→ RECORDED INFORMATION:
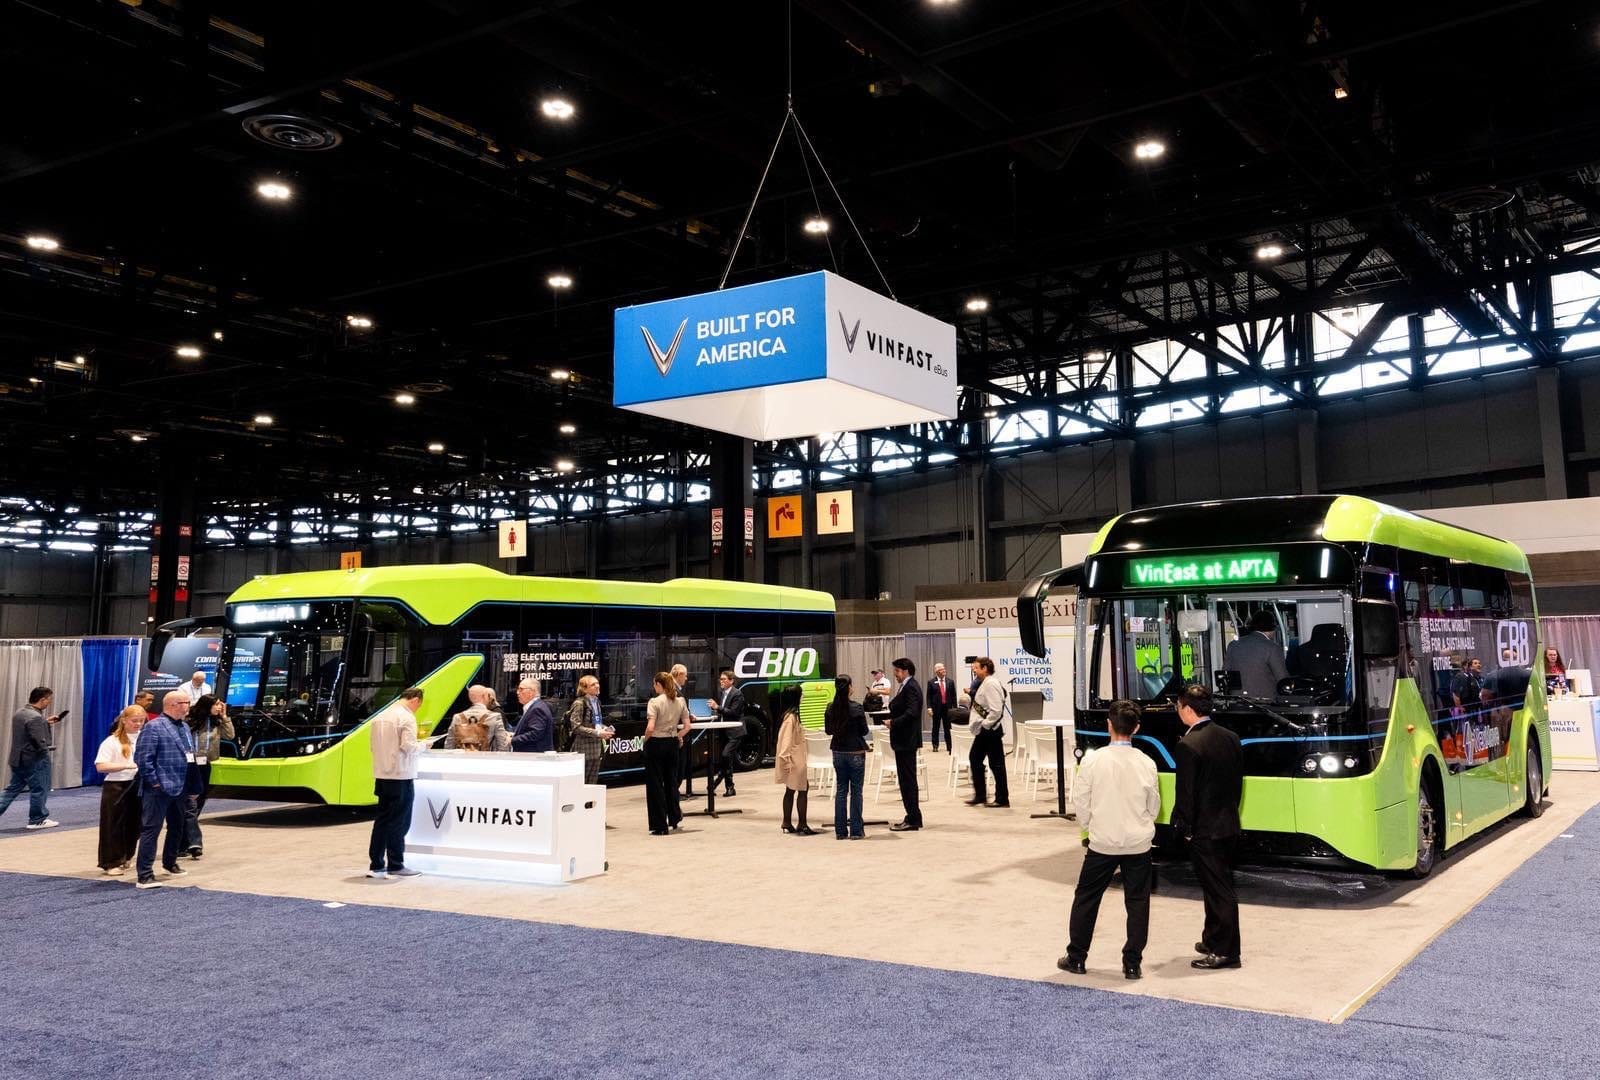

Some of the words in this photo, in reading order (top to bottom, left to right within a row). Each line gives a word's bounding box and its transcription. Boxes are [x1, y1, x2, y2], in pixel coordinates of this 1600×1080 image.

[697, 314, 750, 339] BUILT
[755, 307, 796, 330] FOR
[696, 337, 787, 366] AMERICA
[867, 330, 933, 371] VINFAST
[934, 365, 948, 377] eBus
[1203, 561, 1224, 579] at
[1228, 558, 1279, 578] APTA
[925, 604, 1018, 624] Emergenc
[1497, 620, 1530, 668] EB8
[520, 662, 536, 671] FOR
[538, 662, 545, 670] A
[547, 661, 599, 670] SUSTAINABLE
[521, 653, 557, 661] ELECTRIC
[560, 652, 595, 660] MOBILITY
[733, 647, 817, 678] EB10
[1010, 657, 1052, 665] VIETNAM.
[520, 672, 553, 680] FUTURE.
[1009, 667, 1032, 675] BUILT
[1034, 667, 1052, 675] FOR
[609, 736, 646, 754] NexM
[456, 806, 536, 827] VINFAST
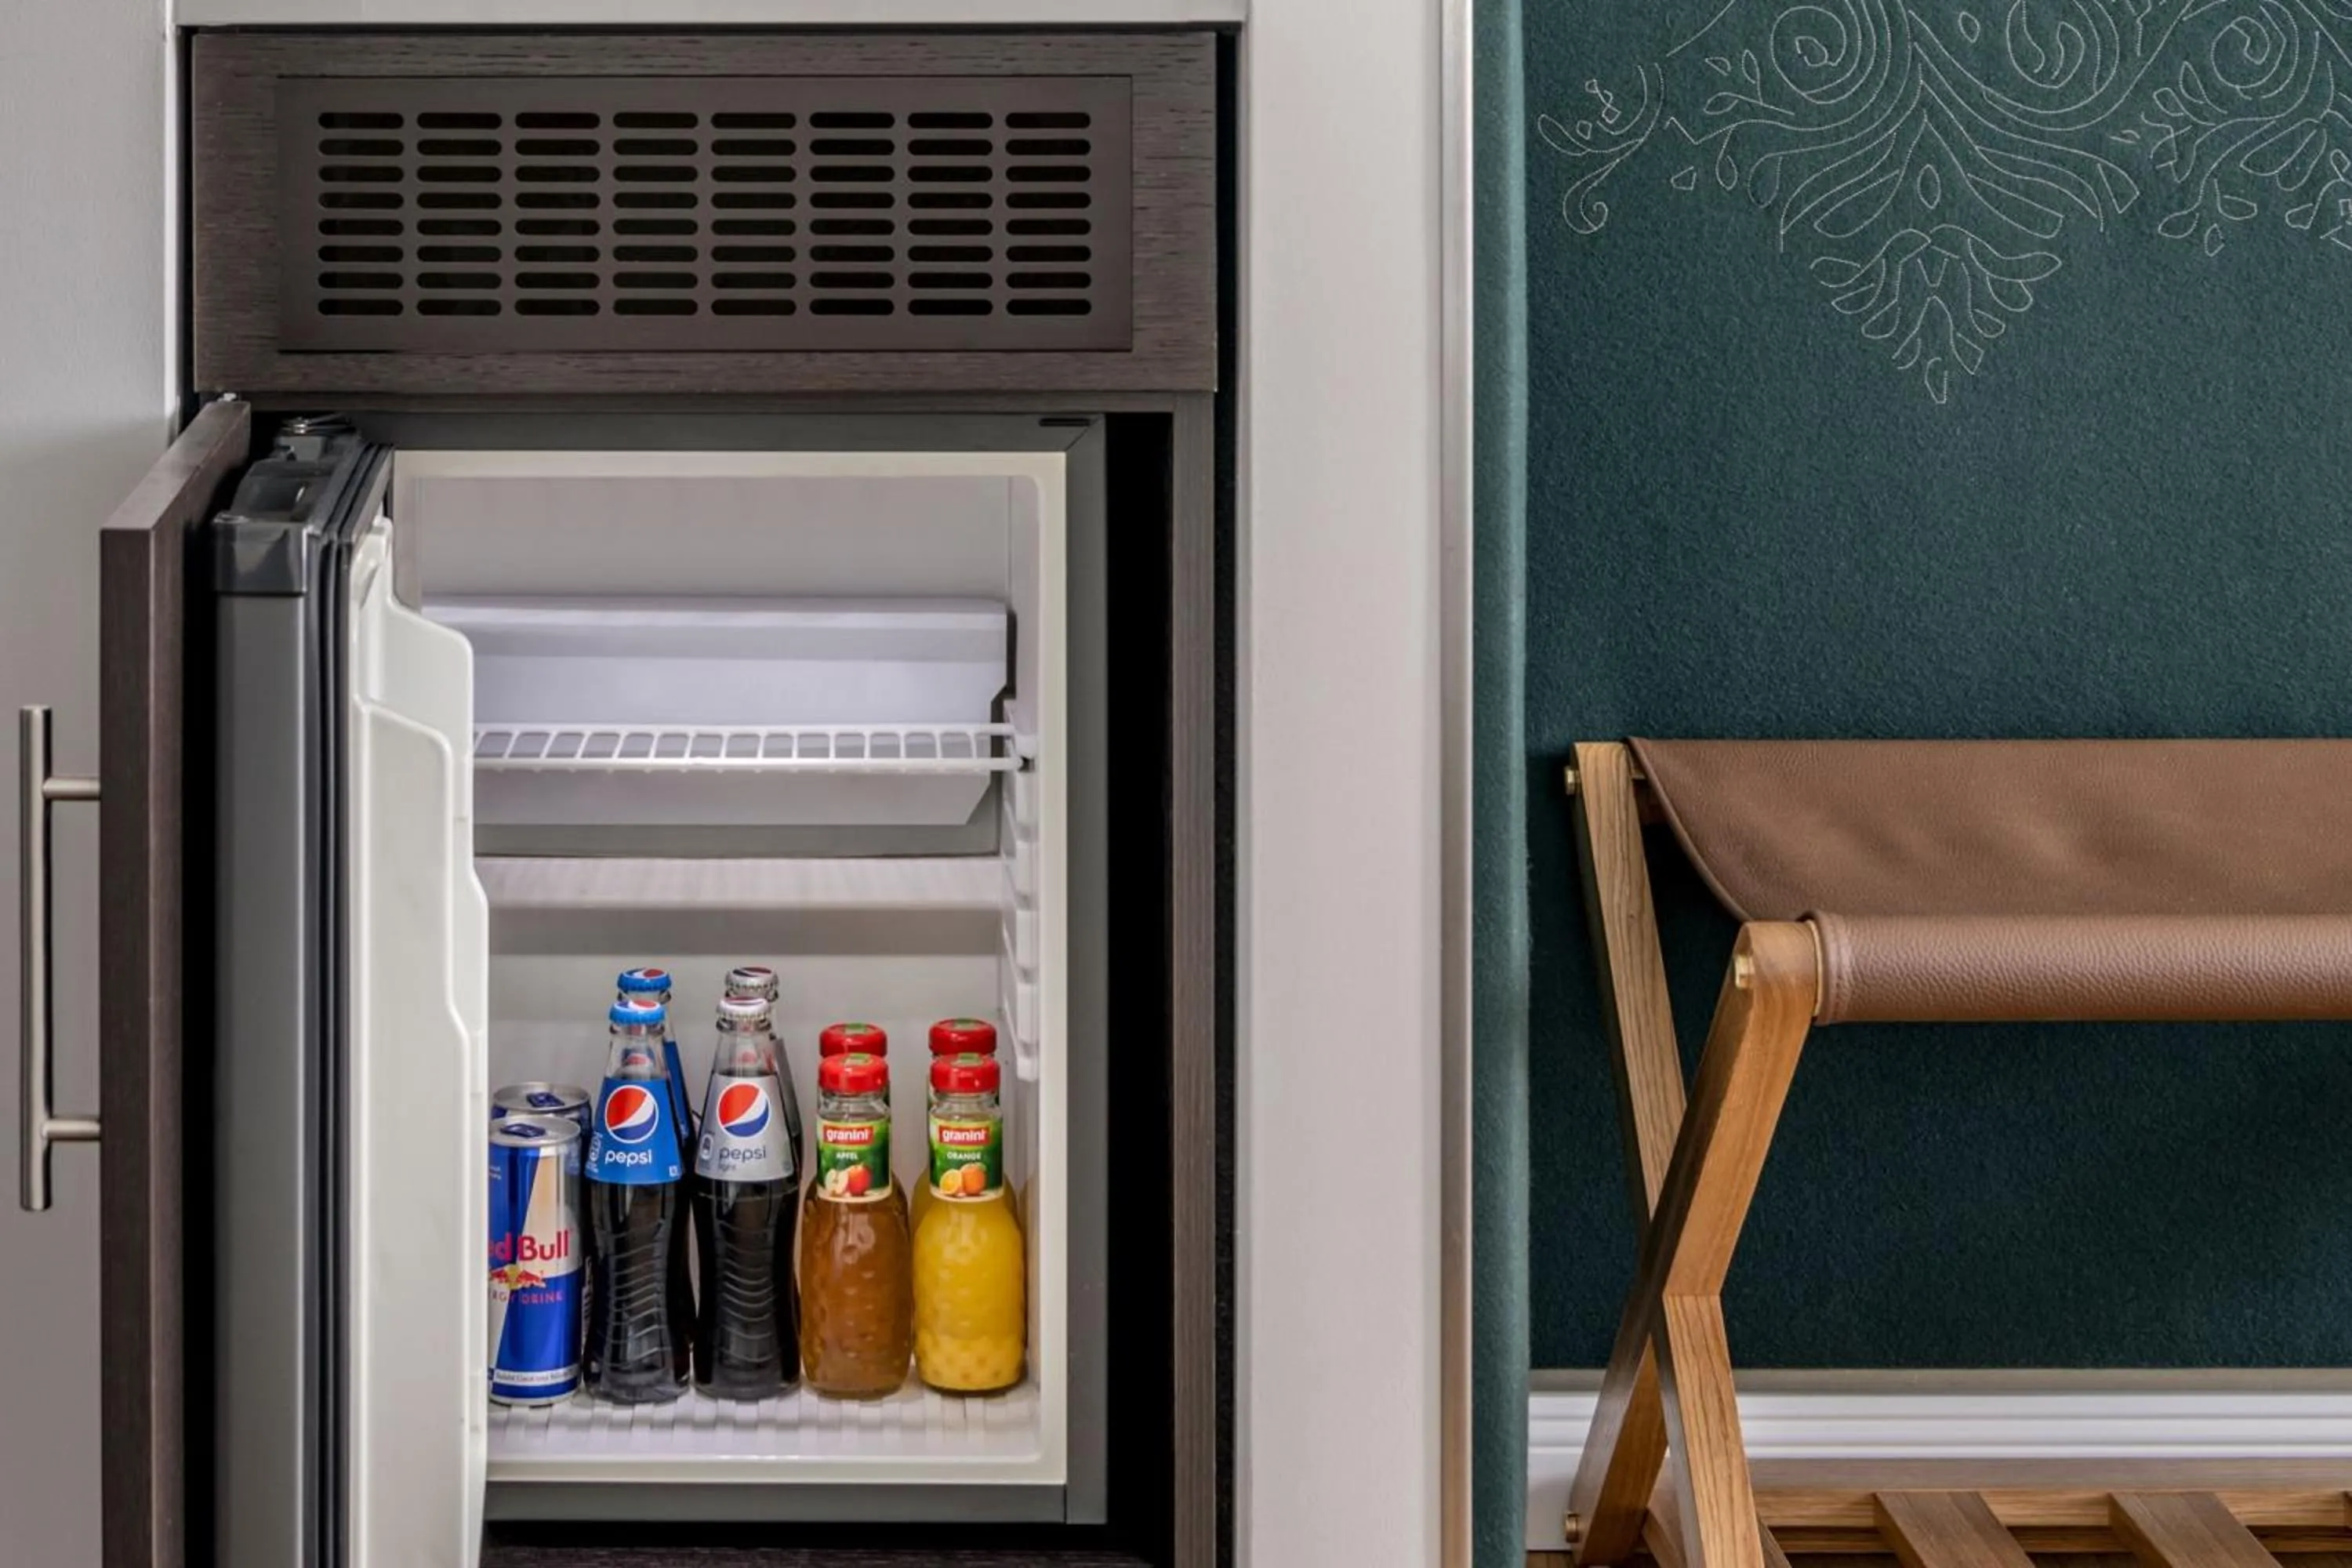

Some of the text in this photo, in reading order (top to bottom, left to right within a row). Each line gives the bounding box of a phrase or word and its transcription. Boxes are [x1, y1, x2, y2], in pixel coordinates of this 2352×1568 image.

→ EXERCISE GOAL: A word-for-word copy of the entries above is needed, with every picture dropped.

→ COMPLETED TASK:
Some of the words in this photo, in reading order (top to bottom, left to right within a row). Each line gives a word's bounding box and its transcription. Boxes are [x1, y1, x2, y2], in pixel coordinates of this 1600×1080 image.

[697, 314, 750, 339] BUILT
[755, 307, 796, 330] FOR
[696, 337, 787, 366] AMERICA
[867, 330, 933, 371] VINFAST
[934, 365, 948, 377] eBus
[1203, 561, 1224, 579] at
[1228, 558, 1279, 578] APTA
[925, 604, 1018, 624] Emergenc
[1497, 620, 1530, 668] EB8
[520, 662, 536, 671] FOR
[538, 662, 545, 670] A
[547, 661, 599, 670] SUSTAINABLE
[521, 653, 557, 661] ELECTRIC
[560, 652, 595, 660] MOBILITY
[733, 647, 817, 678] EB10
[1010, 657, 1052, 665] VIETNAM.
[520, 672, 553, 680] FUTURE.
[1009, 667, 1032, 675] BUILT
[1034, 667, 1052, 675] FOR
[609, 736, 646, 754] NexM
[456, 806, 536, 827] VINFAST

Some of the text in this photo, in reading order (top to bottom, left to right within a row). Each line gives the bounding box of a phrase or word and its transcription. Boxes are [x1, y1, x2, y2], in pixel coordinates of this 2352×1568 image.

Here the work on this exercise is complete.